Dataset entries
_ _ _
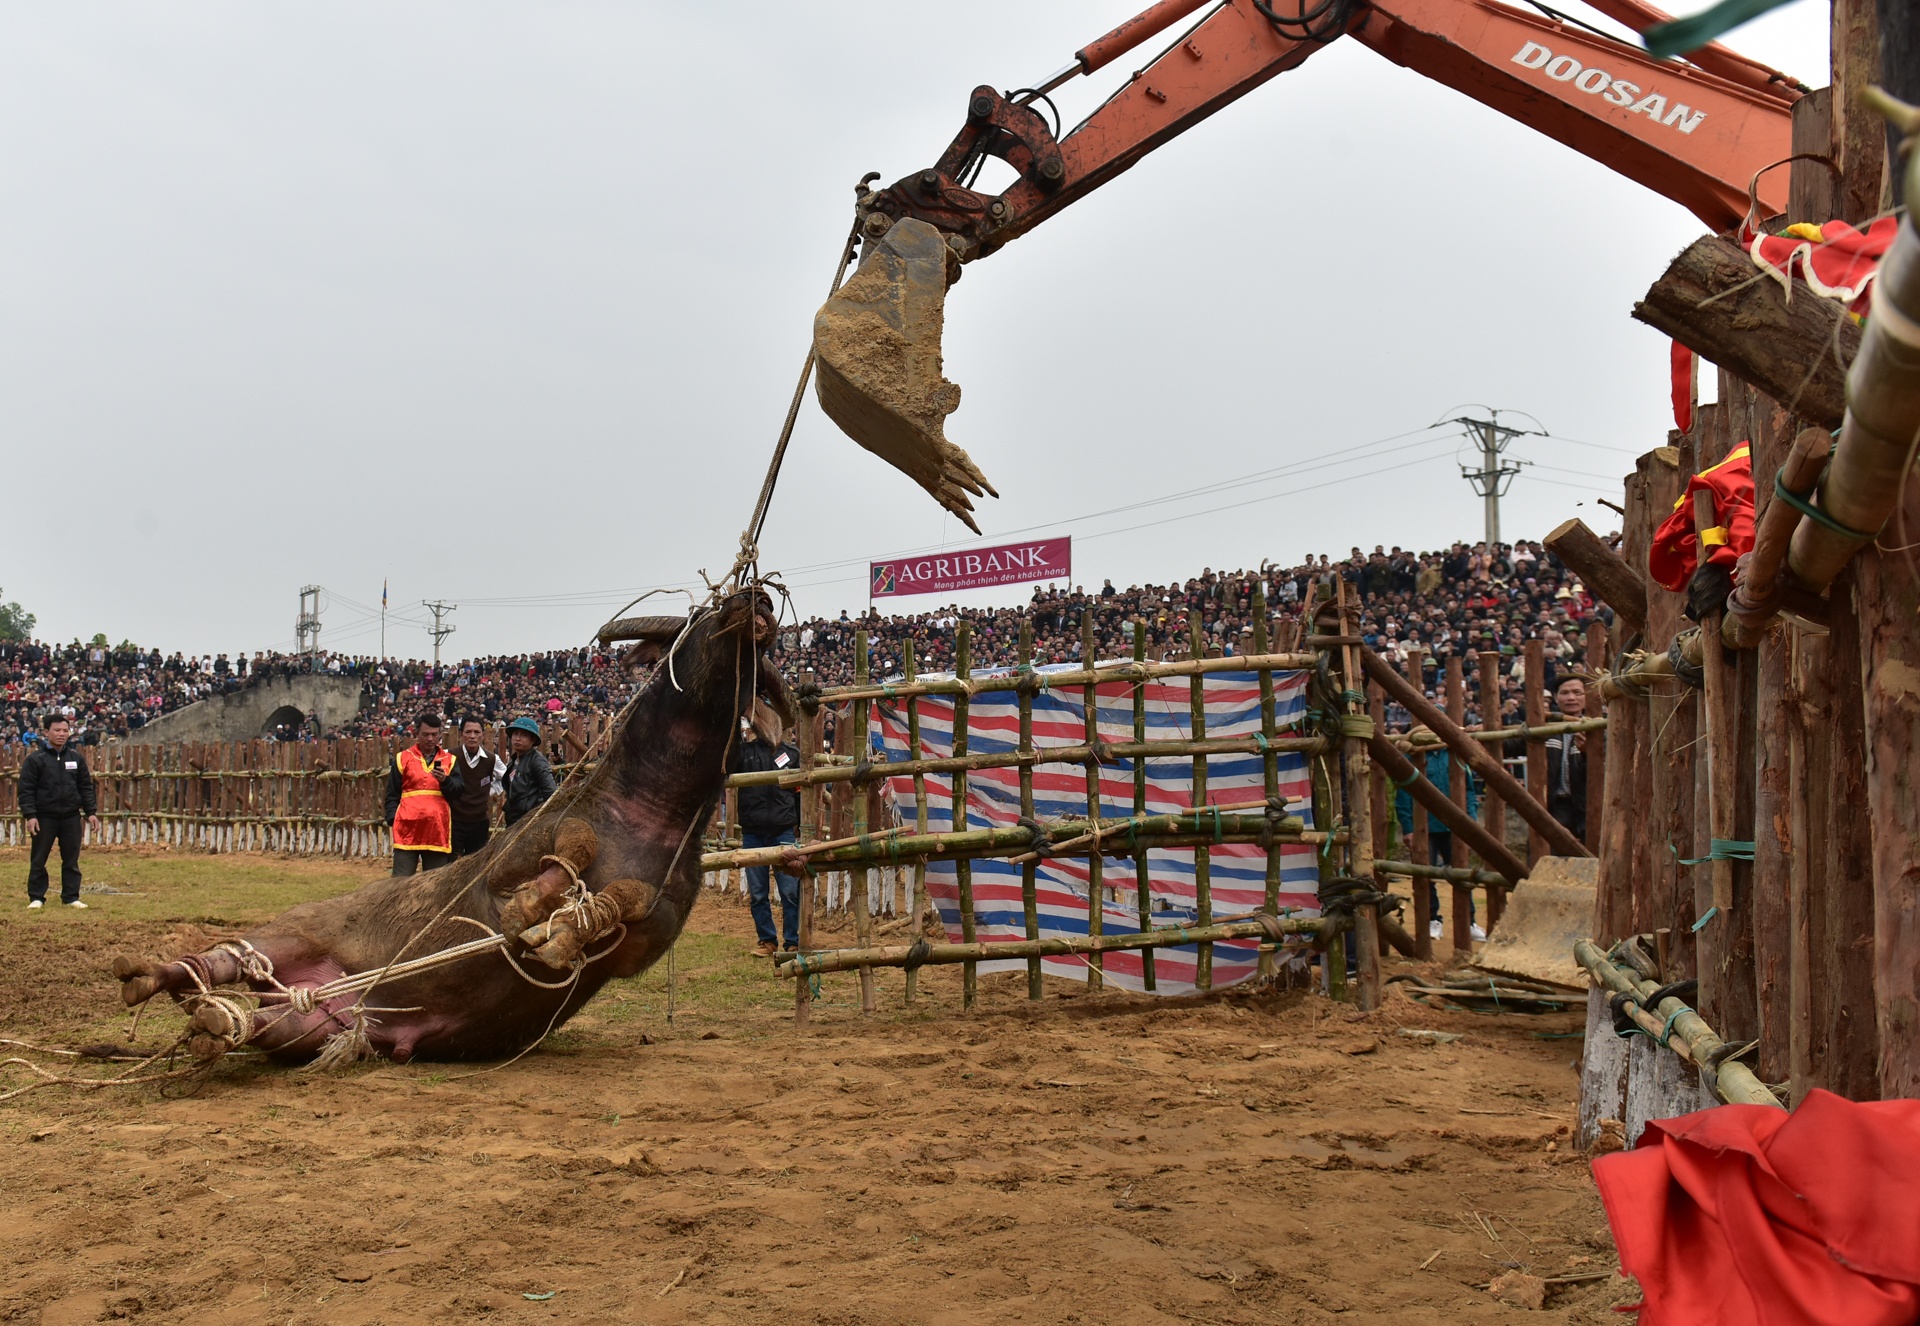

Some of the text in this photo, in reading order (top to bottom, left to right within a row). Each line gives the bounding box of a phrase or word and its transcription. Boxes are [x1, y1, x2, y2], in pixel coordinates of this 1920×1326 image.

[1510, 39, 1708, 135] DOOSAN
[898, 545, 1050, 582] AGRIBANK
[934, 581, 954, 590] Mang
[1018, 569, 1042, 580] khách
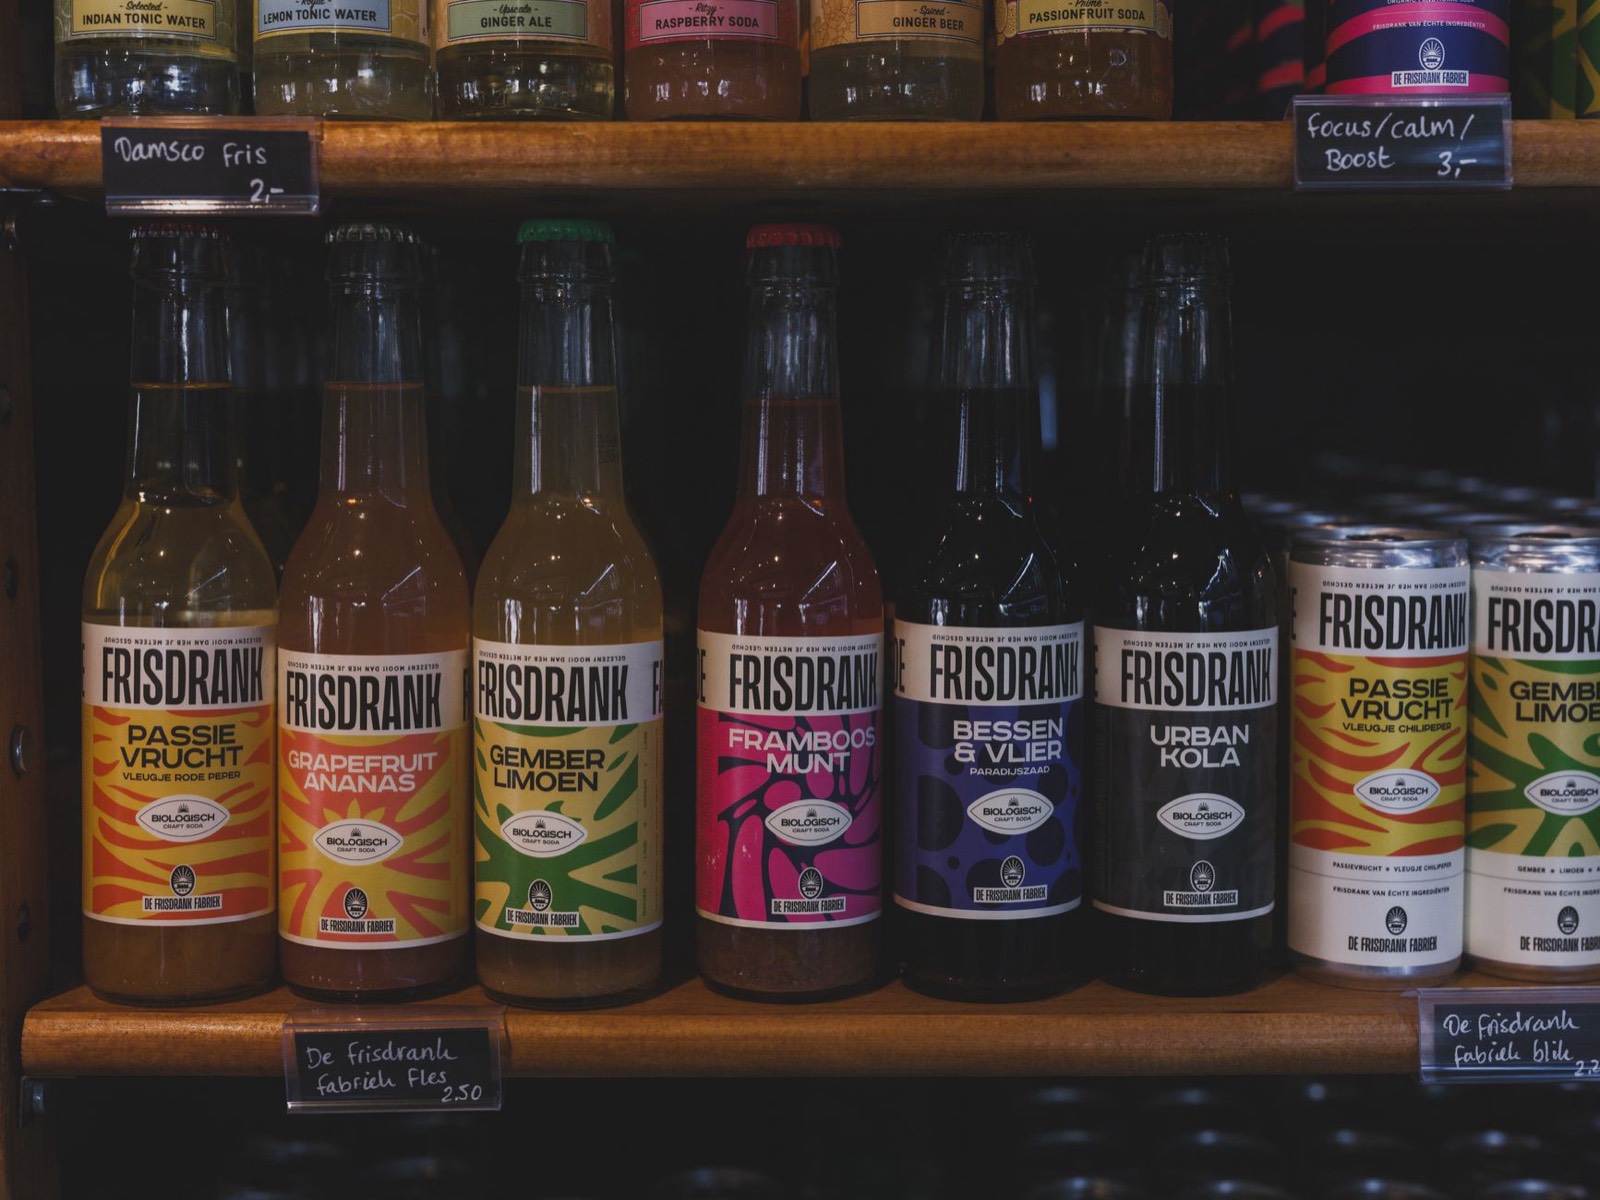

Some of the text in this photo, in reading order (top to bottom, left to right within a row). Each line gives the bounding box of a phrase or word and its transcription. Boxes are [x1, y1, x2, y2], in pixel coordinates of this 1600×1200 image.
_ _ _
| INSTRUCTIONS FOR THE TASK |
Your answer must be a verbatim copy of the entries above, with no images included.

| SOLUTION FOR THIS EXERCISE |
Some of the text in this photo, in reading order (top to bottom, left to right within a row). Each line gives the bounding box of a phrase or word and its transcription. Boxes are [x1, y1, x2, y2], in pixel coordinates of this 1920×1326 image.

[1510, 39, 1708, 135] DOOSAN
[898, 545, 1050, 582] AGRIBANK
[934, 581, 954, 590] Mang
[1018, 569, 1042, 580] khách

Some of the text in this photo, in reading order (top to bottom, left to right within a row). Each line gives the bounding box of a phrase or word and its transcription. Boxes are [x1, y1, x2, y2], in pixel coordinates of this 1600×1200 image.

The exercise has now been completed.